# INPUT
[Start of Attachment]
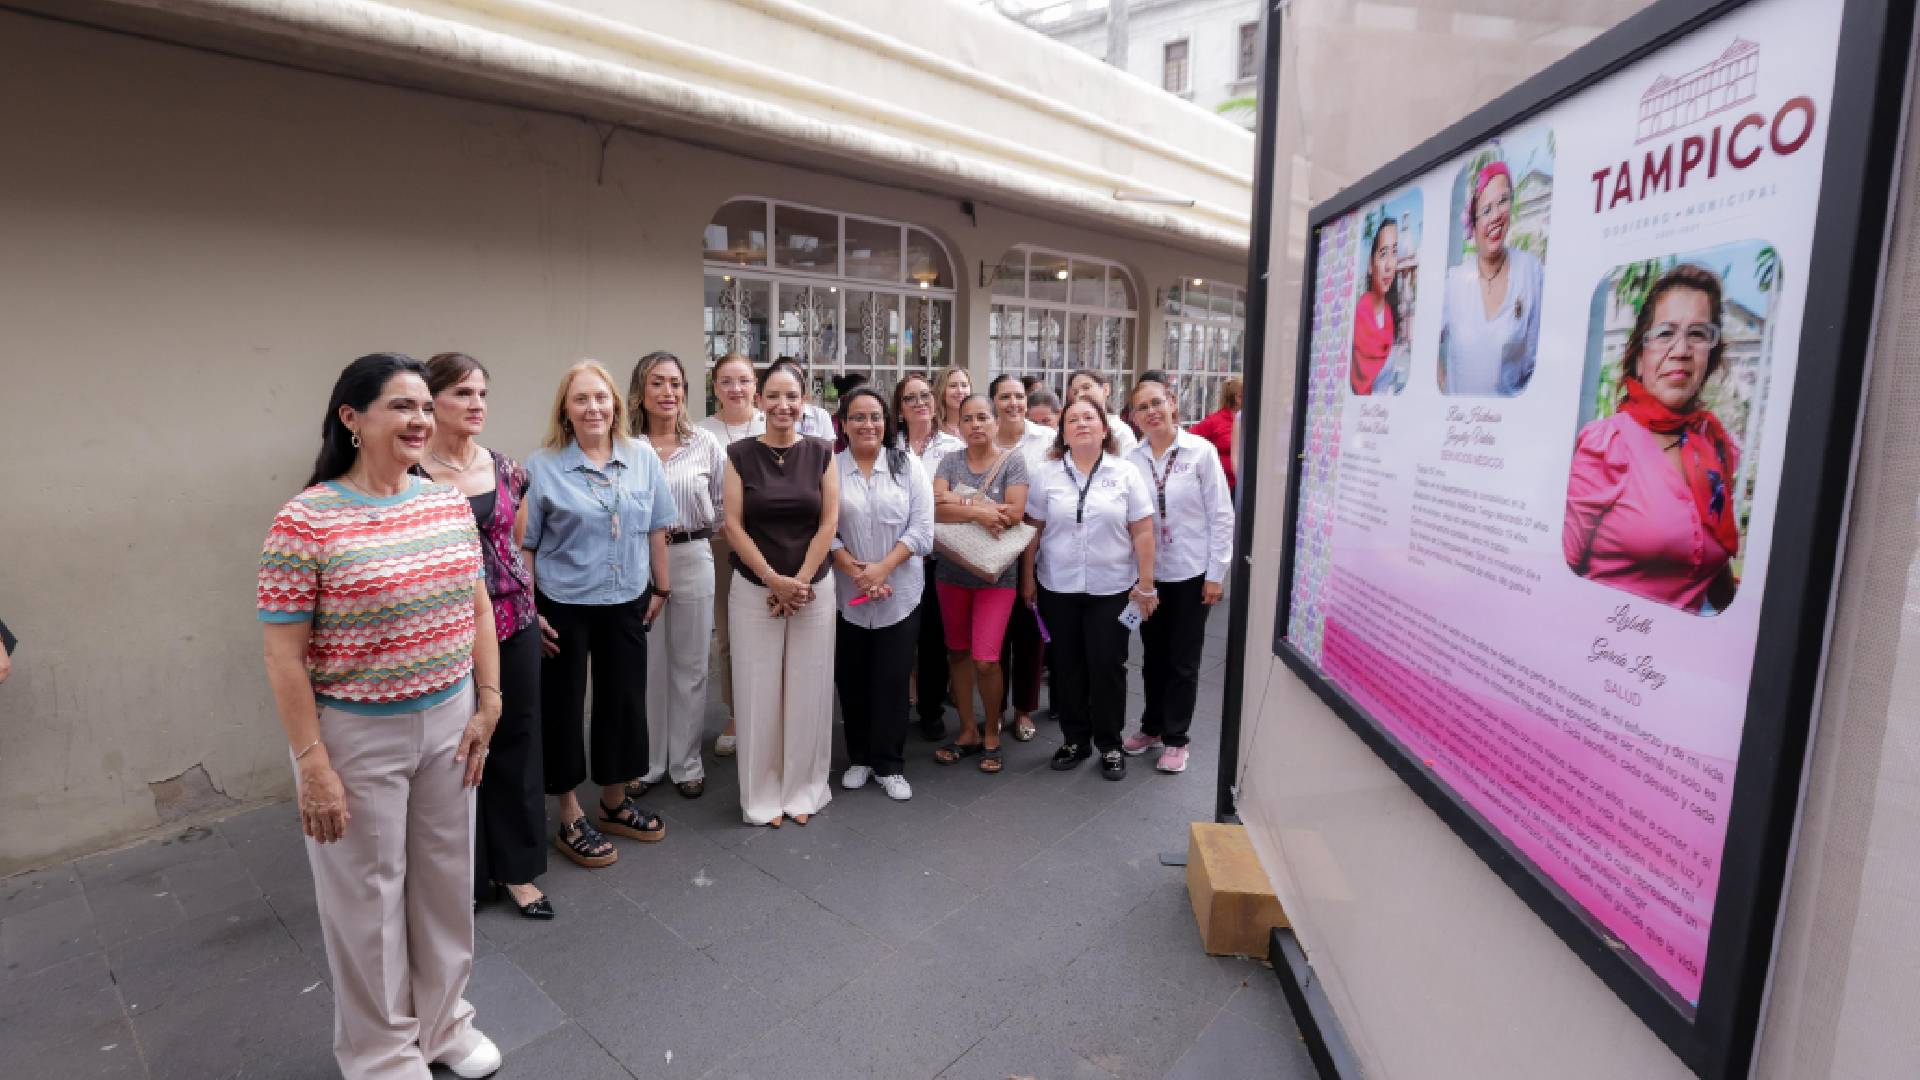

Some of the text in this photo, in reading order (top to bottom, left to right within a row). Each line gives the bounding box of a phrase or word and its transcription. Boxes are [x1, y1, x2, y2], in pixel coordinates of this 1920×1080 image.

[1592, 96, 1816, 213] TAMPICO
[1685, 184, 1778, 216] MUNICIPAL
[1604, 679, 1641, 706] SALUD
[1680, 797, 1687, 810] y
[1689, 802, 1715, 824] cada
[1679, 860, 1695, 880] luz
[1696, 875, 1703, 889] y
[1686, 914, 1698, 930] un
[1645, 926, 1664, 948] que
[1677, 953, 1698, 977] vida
[End of Attachment]
# TRY IT
Retype all the entries exactly; drop the pictures.

# RESPONSE TO THE EXERCISE
Some of the text in this photo, in reading order (top to bottom, left to right within a row). Each line gives the bounding box of a phrase or word and its transcription. Boxes are [x1, y1, x2, y2], in pixel coordinates of this 1920×1080 image.

[1592, 96, 1816, 213] TAMPICO
[1685, 184, 1778, 216] MUNICIPAL
[1604, 679, 1641, 706] SALUD
[1680, 797, 1687, 810] y
[1689, 802, 1715, 824] cada
[1679, 860, 1695, 880] luz
[1696, 875, 1703, 889] y
[1686, 914, 1698, 930] un
[1645, 926, 1664, 948] que
[1677, 953, 1698, 977] vida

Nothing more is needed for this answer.